Why are people how they are?

Theory of mind is hard and just when you think you’re getting okay at it, life humbles you. This is a great post by Dave Bailey on what you are really dealing with when you’re dealing with someone’s negative emotions or reactions. A couple examples:

Overreaction is often a sign that something else might be going on that you aren’t aware of. Perhaps they didn’t get enough sleep or recently had a fight with a friend. Maybe something about the situation is triggering an unresolved trauma from their childhood — a phenomenon called transference.

When you notice someone overreacting, broaden your focus and get curious about what else might be going on.

and

In Marshall Rosenberg’s book Nonviolent Communication, he explains that every negative emotion is the result of an unmet need. However, few of us actually know how to put that need into words.
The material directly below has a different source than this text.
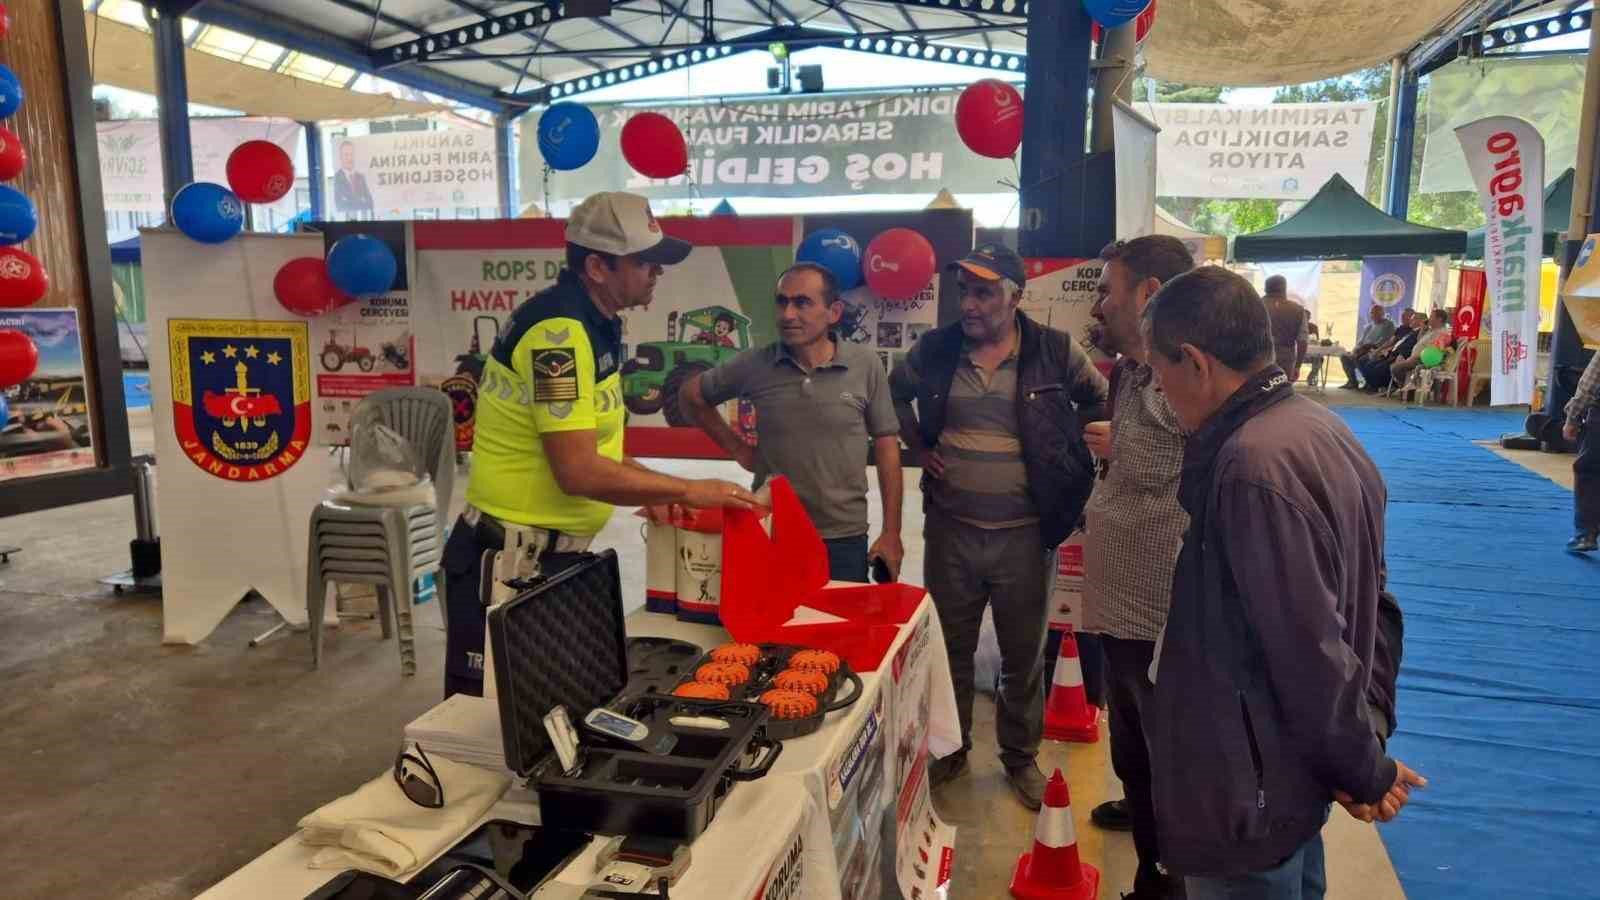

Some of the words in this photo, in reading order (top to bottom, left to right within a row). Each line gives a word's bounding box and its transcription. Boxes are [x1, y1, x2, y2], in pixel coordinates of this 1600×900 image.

Rosenberg suggests that labelling the universal human need can be therapeutic, or even transformational.

Clear thinking

This Lex Fridman podcast with Joscha Bach is expansive:

Along the same lines, another of my favorite Lex Fridman guests is Daniel Schmachtenberger.

Both of them, from everything I can tell, are well furnished in the g department. You’re guaranteed to come out of the listens with lots of new ideas and ways of thinking.

China

China reduced the amount of time kids under 18 can play video games to 3 hours a week on Fri, Sat, Sun from 8-9pm. As much as I dislike authoritarianism… it does seem like their description of video games as the opium of the masses isn’t totally off. Don’t get me wrong, I like video games too, but the balance is way off.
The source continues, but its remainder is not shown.